PROBLEM TO SOLVE:
Could you quote, exactly as they stand, the lines running from the one with "this 2576×1159 image." to the final line of the material?

----------

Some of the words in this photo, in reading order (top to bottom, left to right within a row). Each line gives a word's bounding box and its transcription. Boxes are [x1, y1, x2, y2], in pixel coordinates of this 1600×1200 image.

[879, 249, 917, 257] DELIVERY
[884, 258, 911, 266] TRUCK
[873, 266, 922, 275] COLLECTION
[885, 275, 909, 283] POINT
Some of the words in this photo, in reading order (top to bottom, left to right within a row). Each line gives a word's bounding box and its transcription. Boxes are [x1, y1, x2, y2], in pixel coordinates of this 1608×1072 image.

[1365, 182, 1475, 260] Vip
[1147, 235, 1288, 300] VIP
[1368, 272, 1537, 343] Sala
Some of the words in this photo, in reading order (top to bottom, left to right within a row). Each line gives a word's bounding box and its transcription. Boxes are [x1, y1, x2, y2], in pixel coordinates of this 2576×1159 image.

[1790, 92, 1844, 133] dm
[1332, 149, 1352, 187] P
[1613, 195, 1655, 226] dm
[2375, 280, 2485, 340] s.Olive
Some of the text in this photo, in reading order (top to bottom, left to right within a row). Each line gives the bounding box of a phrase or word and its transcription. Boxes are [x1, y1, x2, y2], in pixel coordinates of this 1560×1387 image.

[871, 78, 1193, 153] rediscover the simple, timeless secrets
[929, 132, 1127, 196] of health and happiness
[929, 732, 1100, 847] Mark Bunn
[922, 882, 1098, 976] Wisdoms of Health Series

----------

OUTPUT OF THE TASK:
Some of the words in this photo, in reading order (top to bottom, left to right within a row). Each line gives a word's bounding box and its transcription. Boxes are [x1, y1, x2, y2], in pixel coordinates of this 2576×1159 image.

[1790, 92, 1844, 133] dm
[1332, 149, 1352, 187] P
[1613, 195, 1655, 226] dm
[2375, 280, 2485, 340] s.Olive
Some of the text in this photo, in reading order (top to bottom, left to right within a row). Each line gives the bounding box of a phrase or word and its transcription. Boxes are [x1, y1, x2, y2], in pixel coordinates of this 1560×1387 image.

[871, 78, 1193, 153] rediscover the simple, timeless secrets
[929, 132, 1127, 196] of health and happiness
[929, 732, 1100, 847] Mark Bunn
[922, 882, 1098, 976] Wisdoms of Health Series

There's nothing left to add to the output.